Will Counts (Ira Wilmer Counts Jr.; August 24, 1931—October 6, 2001) was an American photojournalist most renowned for drawing the nation's attention to the desegregation crisis that was happening at Arkansas' Central High School (Little Rock Central High School) in 1957. Documenting the integration effort in the 1950s, he captured the harassment and violence that African Americans in the South were facing at this time.

Contents

Early life

Ira Wilmer (Will) Counts Jr. was born on August 24, 1931, in Little Rock, Arkansas. He was the son of a Little Rock tenant farmer. He, his brother, and his parents (Ira Counts Sr. and Jeanne Frances Adams Counts) were sharecroppers outside of Rose Bud (White County) and Cabot (Lonoke County) before they relocated to Jefferson County in 1936. There, the family resided at The Resettlement Administration’s Plum Bayou Home. Later, Counts attended Little Rock High School (now Central High). It was there that his journalism teacher, Edna Middlebrook, spurred his interest in photography.
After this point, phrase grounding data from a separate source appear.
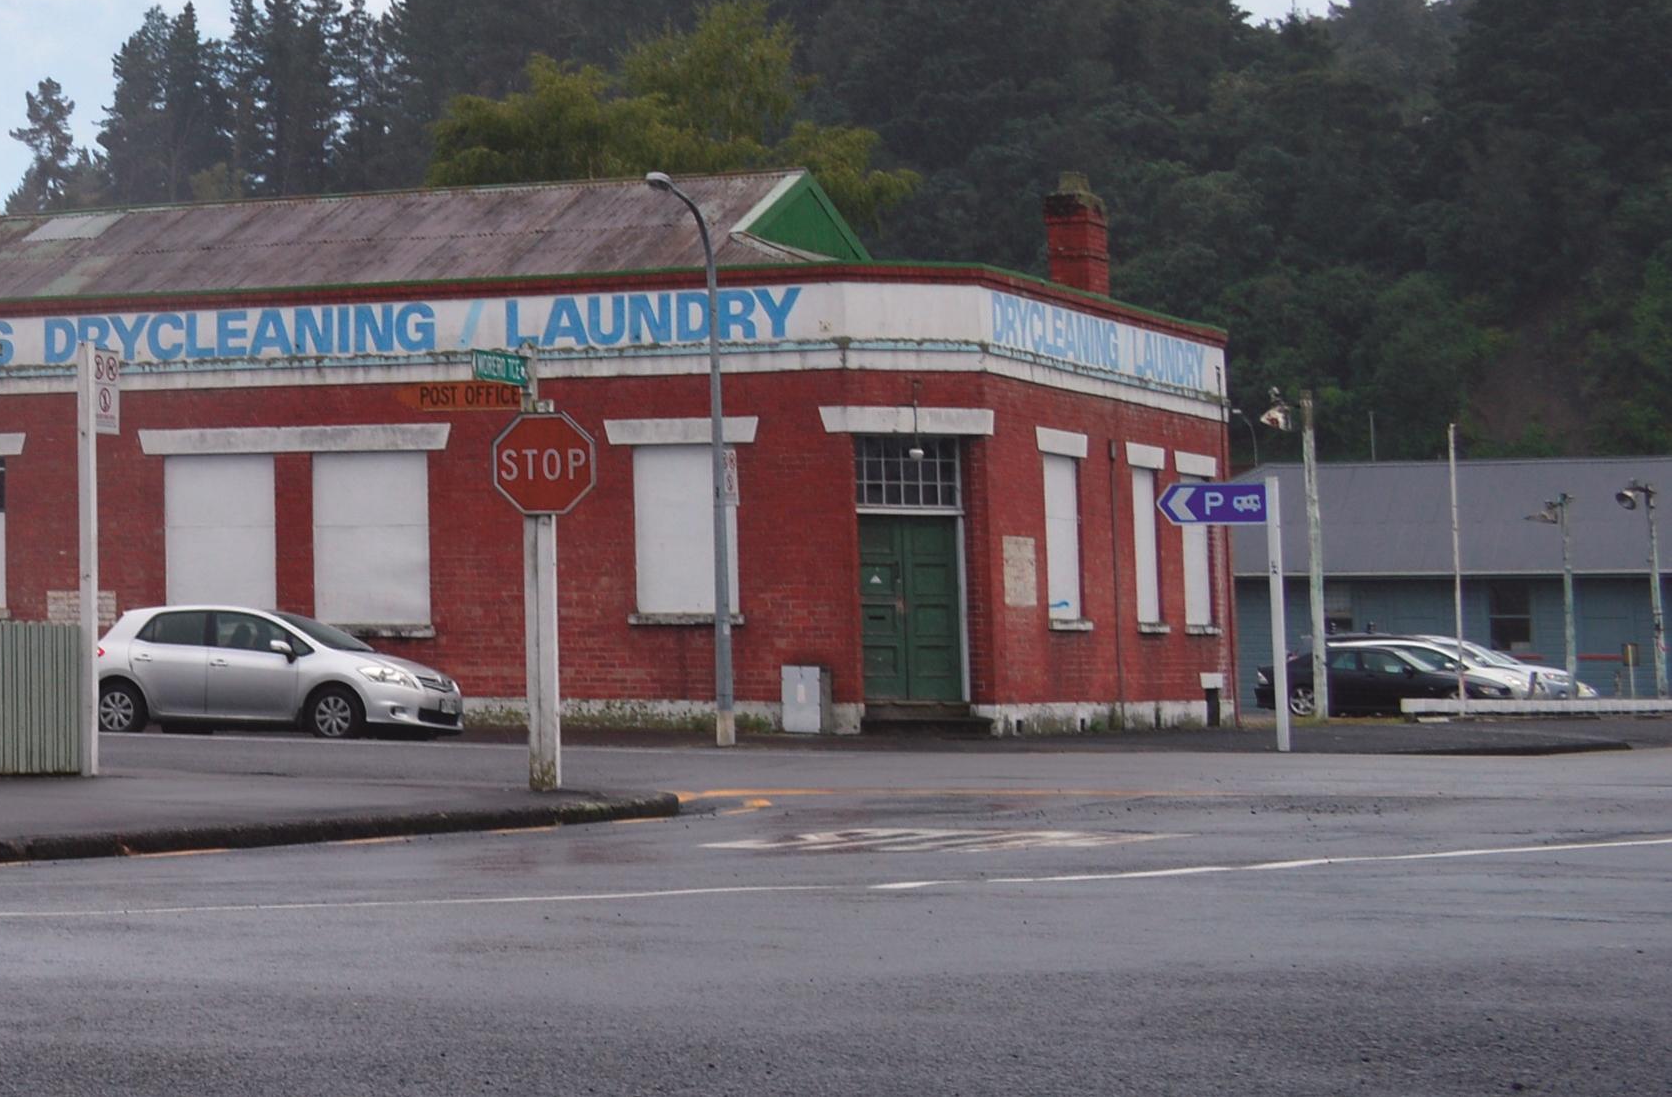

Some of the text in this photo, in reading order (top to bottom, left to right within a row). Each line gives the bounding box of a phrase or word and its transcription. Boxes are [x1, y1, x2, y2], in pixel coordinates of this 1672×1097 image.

[43, 303, 435, 363] DRYCLEANING
[505, 287, 803, 348] LAUNDRY
[992, 291, 1119, 370] DRYCLEANING
[1132, 329, 1205, 390] LAUNDRY
[419, 385, 520, 406] POST OFFICE
[501, 448, 586, 481] STOP
[1204, 492, 1224, 515] P
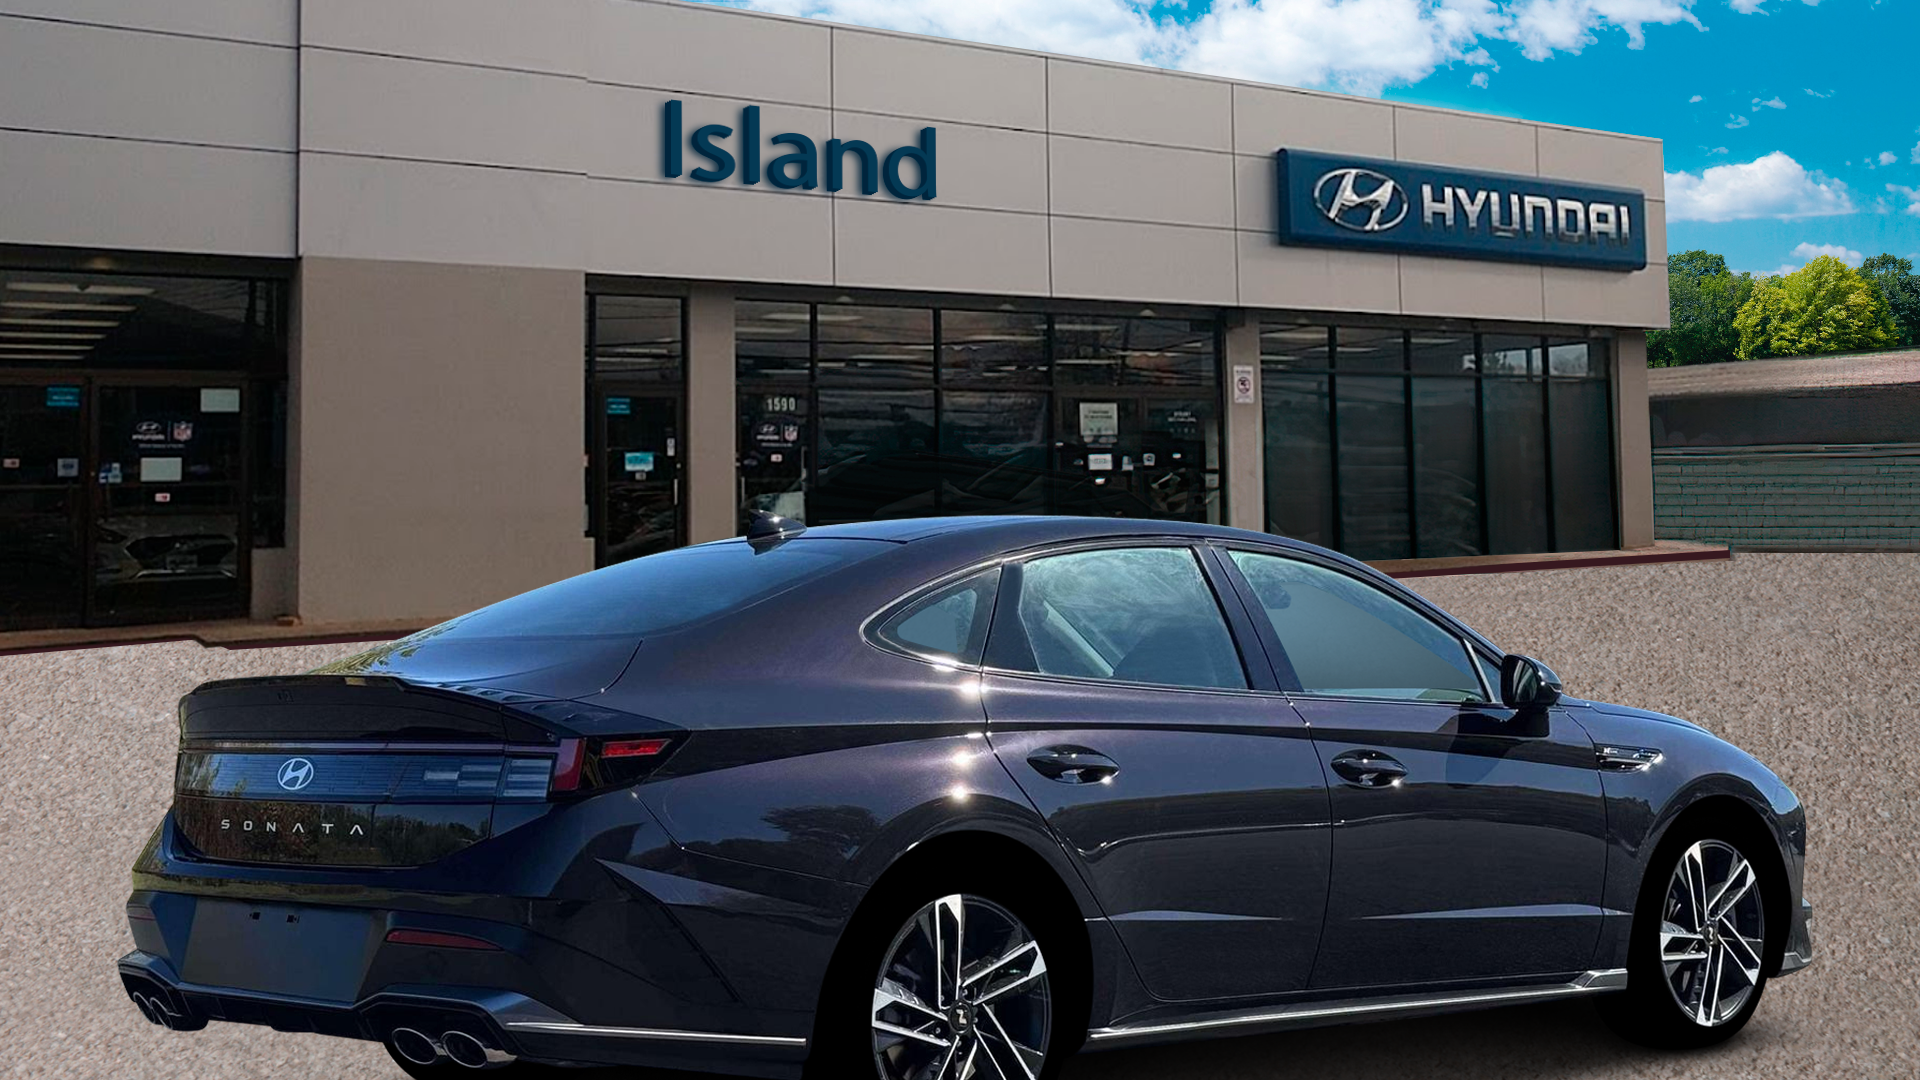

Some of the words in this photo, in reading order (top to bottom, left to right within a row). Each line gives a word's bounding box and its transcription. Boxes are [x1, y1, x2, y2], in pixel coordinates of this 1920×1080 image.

[664, 99, 937, 201] Island
[1421, 183, 1630, 244] HYUNDAI
[767, 396, 796, 411] 1590
[221, 819, 364, 835] SONATA
During his junior year, Counts asked his mother for a Speed Graphic camera for Christmas after he had seen advertised in Boys' Life magazine. However, with his father still away fighting in World War II, his mother could only afford to buy a Kodak Brownie Hawkeye.

Education

By the time Counts started at Arkansas State Teachers College (now the University of Central Arkansas) in 1949, he knew he wanted to be a news journalist. He eventually became a photographer for the college. Around the same time, he was freelancing for the Arkansas Gazette and the Arkansas Democrat. In 1952, he received a BA in education. In 1954, he received his master’s degree in education at Indiana University (IU). Fifteen years later, Counts earned his doctorate in education at IU.

Career

While pursuing his masters degree in Bloomington, Indiana, he continued shooting for the Arkansas Democrat and also at the IU audiovisual center. In 1957, he was rehired by the Democrat as a staff photographer and shot for its Sunday Magazine. Counts was 26 when some of his most iconic images were published on September 4, 1957. Still a photographer for the Democrat, Counts captured white demonstrators and the National Guard gathering outside Central High. Despite the U.S. Supreme Court’s ruling that "separate but equal" was unconstitutional, Arkansas Governor Orval Faubus had called the guard to block integration. One of Counts’ most famous images captures African American Elizabeth Eckford being harassed by an angry white mob of students after being denied entrance at Central High. He recalled Eckford never losing her composure. "She just remained so dignified, so determined in what she was doing," he said. That photo, and four others of Counts’ from that day, were published on the cover of the Democrat. In his 1999 book, A Life is More Than a Moment," Counts details how he captured the shot. He states that he wore an inconspicuous red shirt and slacks while shooting to blend in with the crowd as a way to avoid looking like a journalist. He also notes that on his Nikon S2 camera, he used a wide-angled lens that gave him an advantage over other photographers. Others typically shot with large Speed Graphic press cameras that involved reloading the camera after each individual shot. Counts also shot many exposures to ensure a winning shot. His heavy bracketing approach was greatly inspired by Henri Cartier-Bresson who often shot many photographs of the same scene to ensure capturing the best representative shot. Eckford and Hazel Bryan Massery, one of the white students captured screaming at Eckford in one of Counts’ infamous photos, met in 1997 after a successful reconciliation was organized by Counts and his wife, Vivian.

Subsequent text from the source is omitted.